We walk over to The Parish to catch Bon Iver. Whoa. Huge line. We scratch that and decide to get inside Red-Eyed Fly early for a good spot at the A Place to Bury Strangers show. Huge line again. I realize quickly The Raveonettes are still on and after their set, the line goes in pretty fast. I didn't bother going to the outside area to watch The Big Sleep. Whatever I was hearing wasn't doing it for me.

The problem here is things begin to get a bit grey at this point. Holes in my memory. I tend to party a bit too hard during this week and well, have come to terms with this side effect. Here's what I do remember... the APTBS show was pretty good. I remember thinking that thought exactly, "this was pretty good." At the end, a guitar gets demolished. I need to see them again.

At this point, I want to be pampered and The Fader is a necessity. "I love you, you ice cold Bass." Watching the tribute to Lou Reed was pretty much a yawn fest for me. I left just before members of My Morning Jacket, and Moby, and Lou Reed himself, and apparently every other damn musician came on, and my girlfriend has let me know several times since, that we should have stayed. Who can think of staying at a yawn fest when Think About Life is only an hour away at Beerland?

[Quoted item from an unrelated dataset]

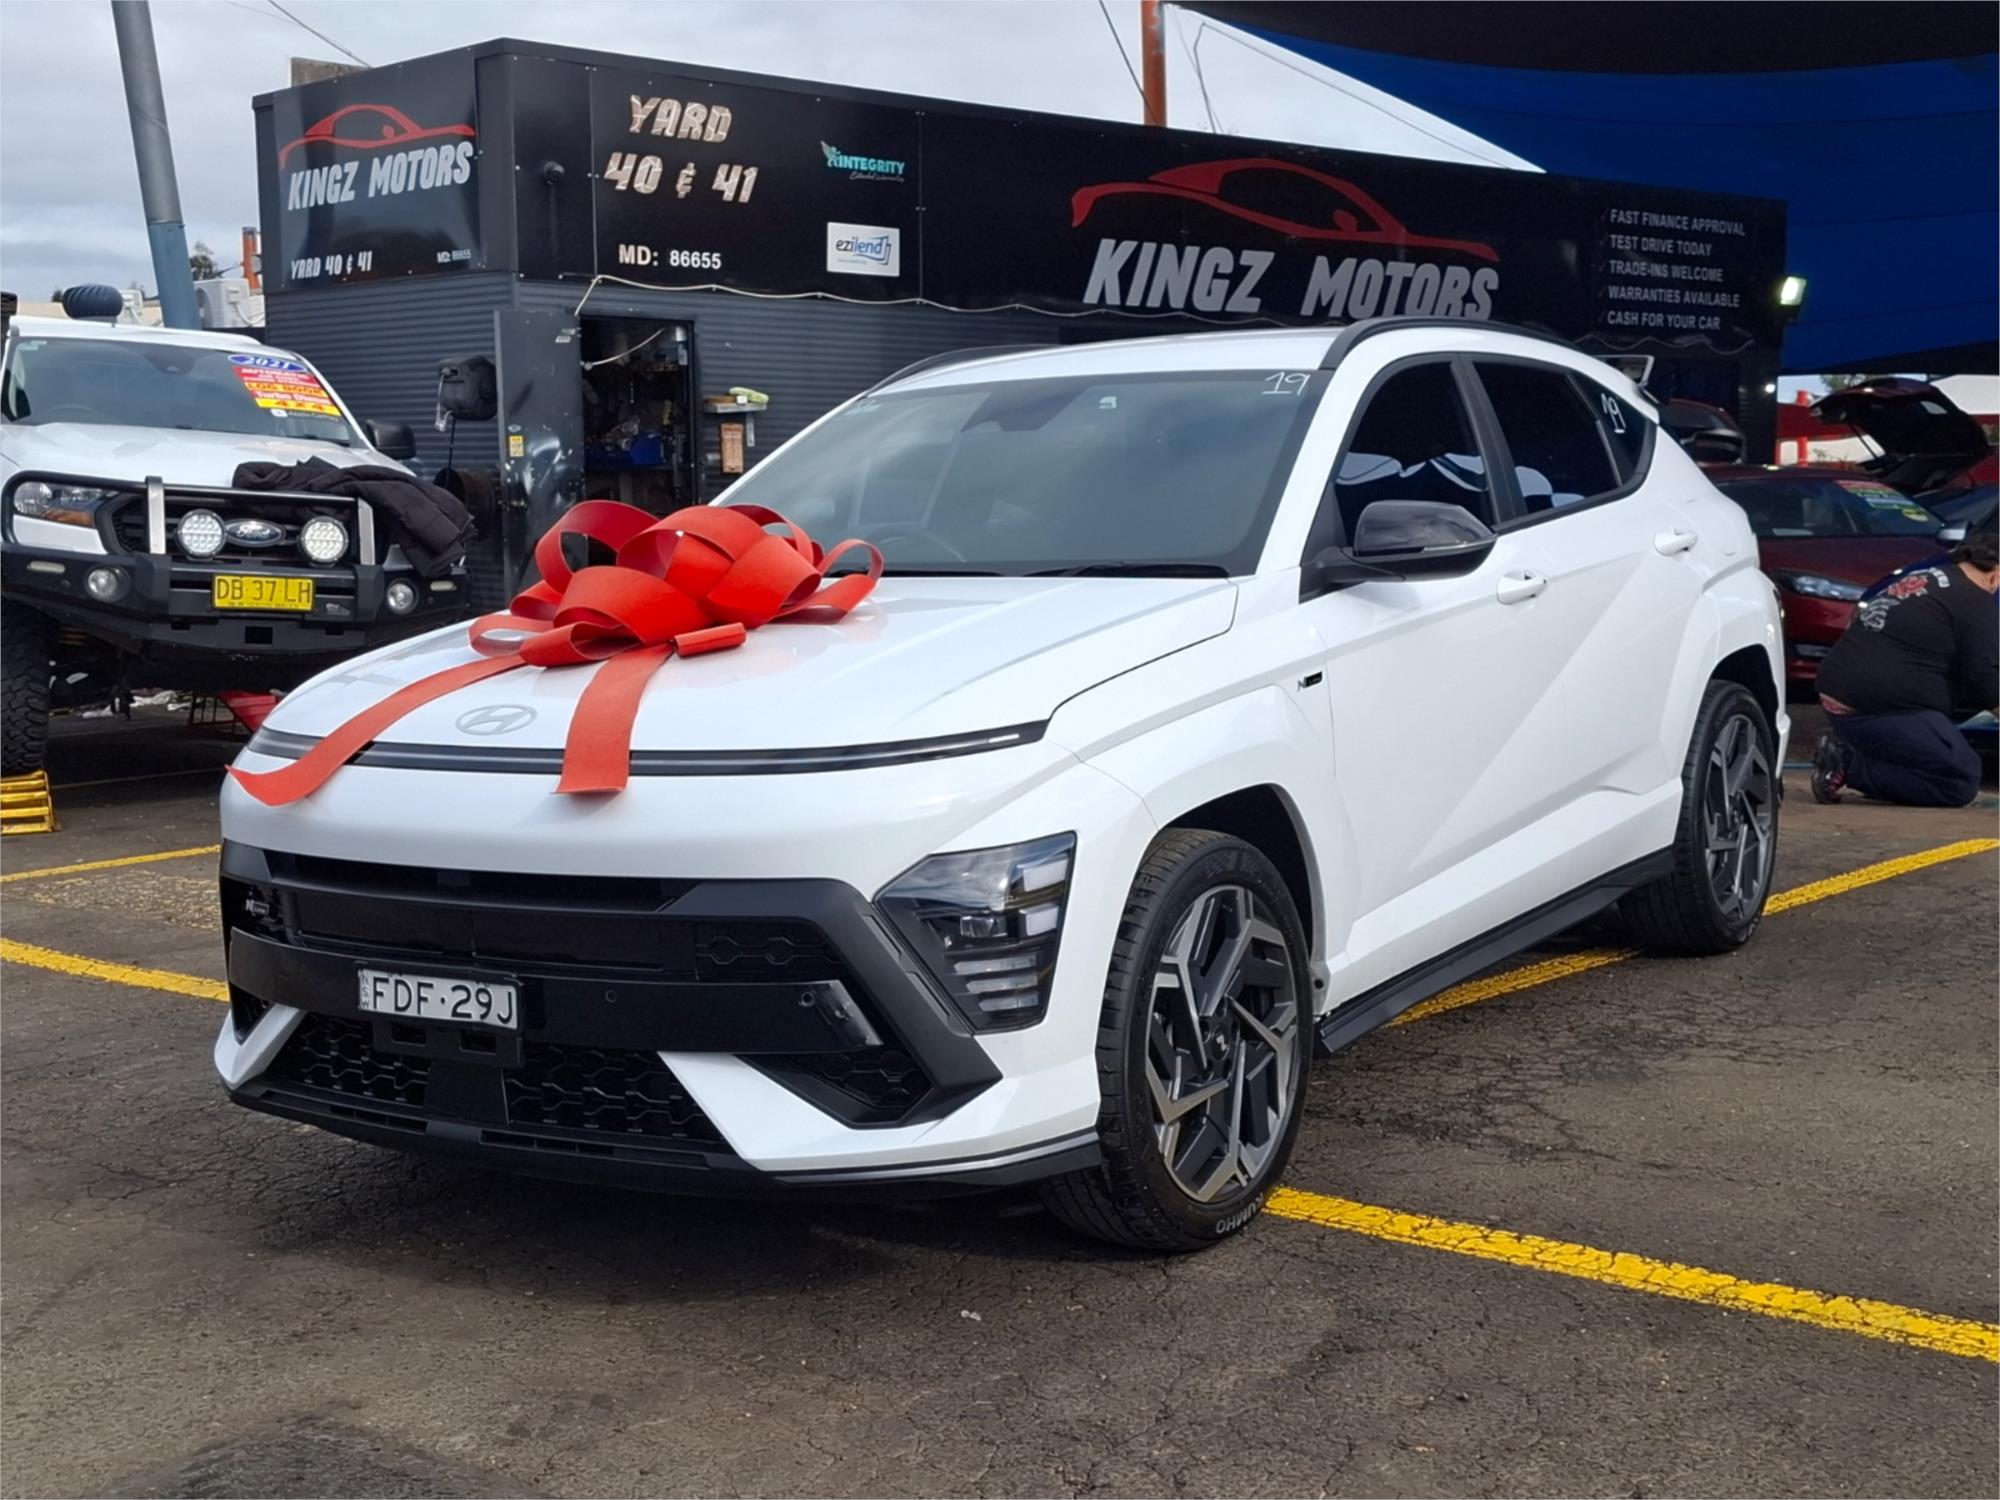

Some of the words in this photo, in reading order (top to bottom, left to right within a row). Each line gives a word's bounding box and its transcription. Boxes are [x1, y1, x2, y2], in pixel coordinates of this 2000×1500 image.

Hell ya. I finally got to see a live show of them and I know there was potential for more, but there didn't seem to be a whole bunch of people there as eager as we were. My mates, Alex and Ryan, met up with me and we danced in the sound. They ripped through quite a bit of new ones, only playing two from the last album. If you were there, then you probably know us as the two drunk (and most likely annoying) guys singing in the mic and flailing limbs. Special thanks to Ryan for taking the blame on the ahem and getting kicked out so we could stay in. Love you bro.

We floated (yes, floated as we're now high from sounds and dancing of Think About Life) slowly over to The Austin Children's Museum for the performance of the week - The Mae Shi. The museum was filled with toys to play with and tons of stuff to help you feel like a kid while still getting your drink on. I've heard and read from countless people at this show that they thought this may have been one of the greatest live experiences they have ever had. Involving the crowd into your show is the way to get everyone together. The guitarist is up on the balcony. The singer is behind the crowd. "I Want Everything" is chanted and the song takes on a higher purpose. I've never seen so many smiles at once.

A brief glitch with their gear happens and the song abruptly stops. "Go. Go. Go." The guitarist begins chanting this and soon we're all helping out and yelling with him. They kick right back into the song and I am impressed at the level of pure fun that is going on now, despite the technical error that just happened. These dudes make quite a bit of lemonade it seems.

I can't think of the last time I was at a show where everyone had a shared and communal purpose: to have the best time possible. A sheet is soon thrown over the audience and who knew that grandma's bedding would make for the final climax of bringing us all together. We're reaching for the ceiling to keep the sheet hovering over us, and the sheet seemed to connect us all.

I am satisfied for once. So satisfied.